The CBO projection assumes that spending from the trust fund continues at historical rates, which could be altered if the reauthorization included any new program mandates such as a freight corridors component sought by many lawmakers.
The agency said its long-term estimates are subject to substantial change, depending on an array of factors that affect levels of spending and the revenues coming into the trust fund.
Those include, the CBO said, “weather-related construction delays, the responses of states and local governments to federal policies, changes in the price of motor fuels, and the price and demand for certain construction materials and labor.”
As a result, it cautioned, “CBO’s estimates of future shortfalls cannot be relied upon to predict the future cash position of the Highway Trust Fund with certainty.”
The agency also noted that its normal baseline projections are calculated for fiscal years, which end each Sept. 30. “Because there is seasonality to spending for highway and transit projects, outlays for those programs are highest in the summer months and the fourth quarter of the fiscal year,” the CBO said.

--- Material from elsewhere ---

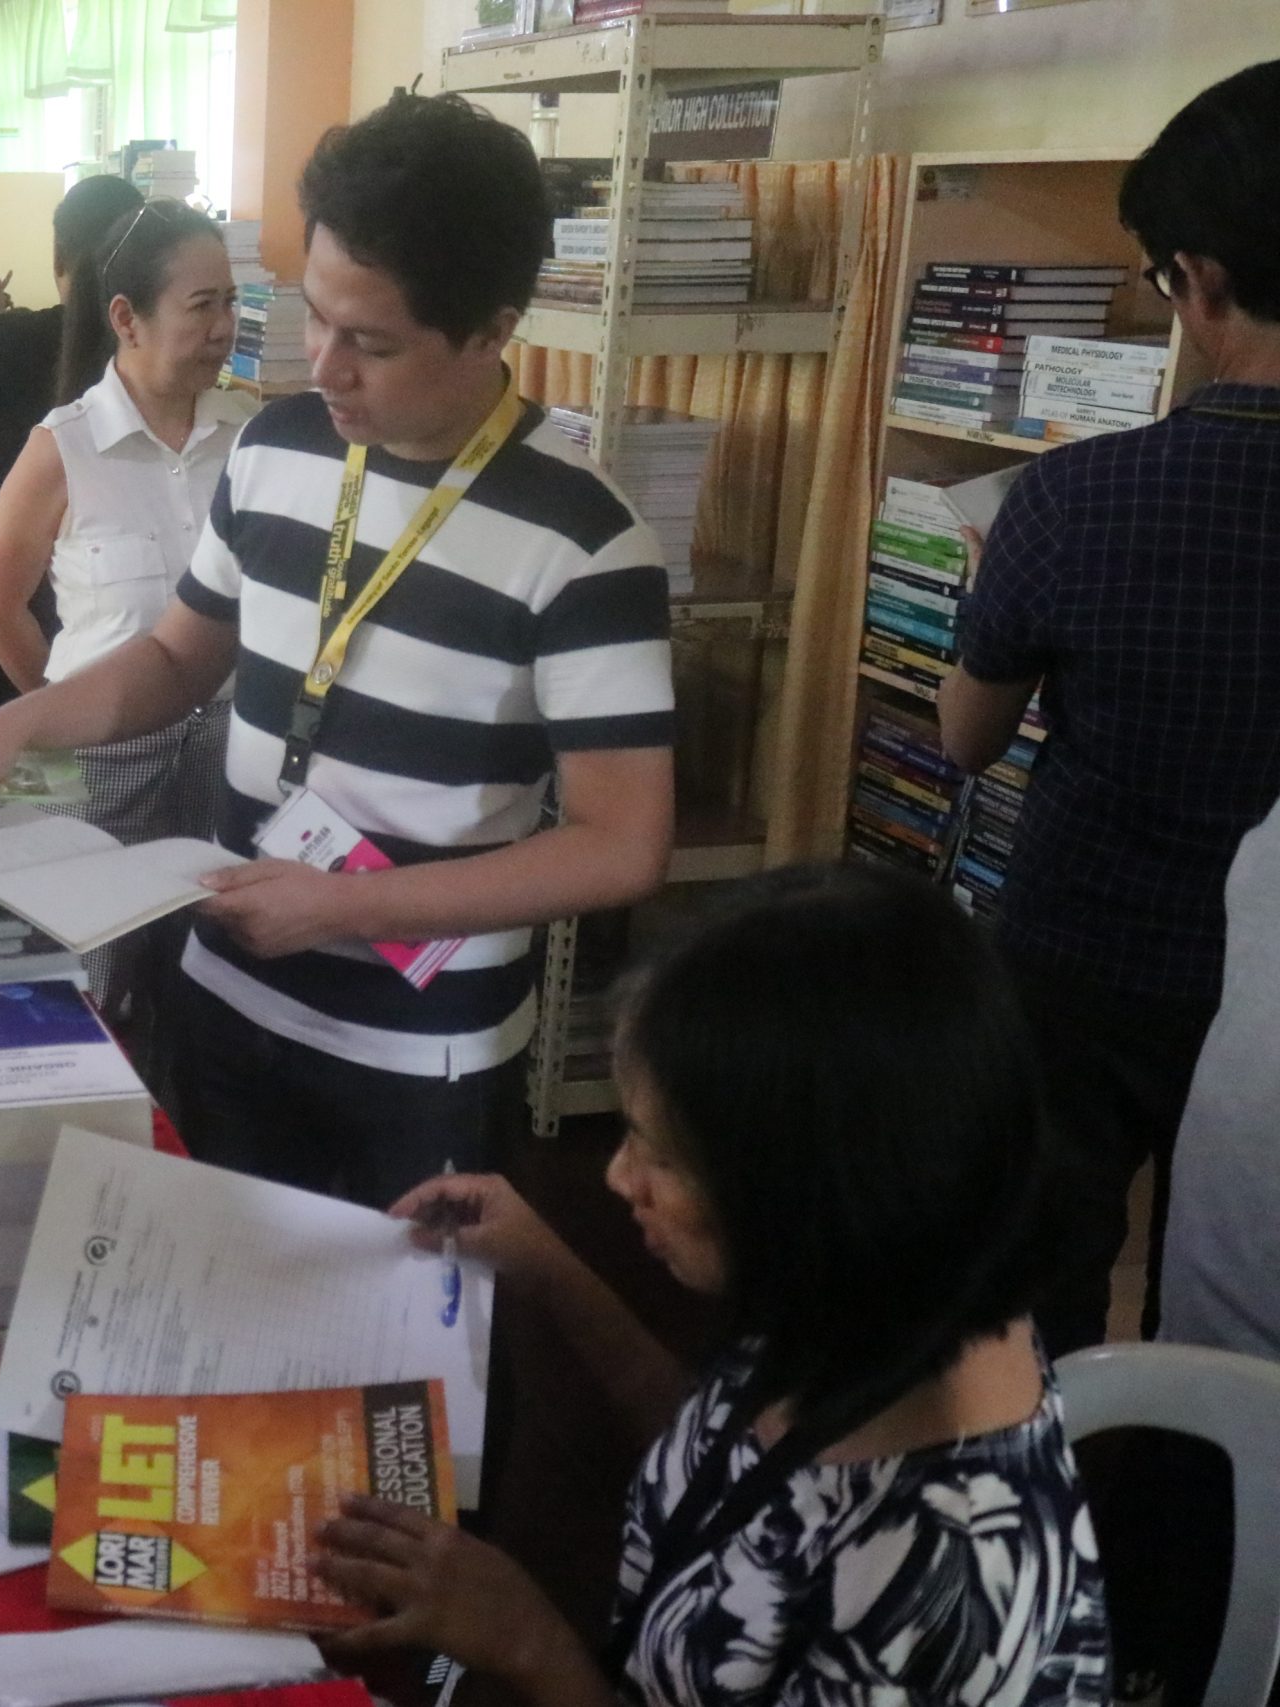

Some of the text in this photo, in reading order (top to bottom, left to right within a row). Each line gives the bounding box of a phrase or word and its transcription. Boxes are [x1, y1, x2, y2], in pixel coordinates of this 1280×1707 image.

The requested estimate for 2021 would carry the trust fund only through the spring of that year, much like happened this year before Congress approved a two-month extension to July 31. So the May 31 projection for 2021 would leave out the three months with the heaviest spending demand that year.
For the near term, based on the Department of Transportation’s cash-management requirements of needing at least $5 billion in the trust fund to assure uninterrupted reimbursements to states for their infrastructure expenses, the CBO said Congress would need to top off the trust fund this summer with $3 billion to carry it through Sept. 30, 2015.
To extend it through Dec. 31, the CBO said the trust fund would need “roughly $8 billion,” of which $6 billion would be needed in the highway account and $2 billion in the transit account.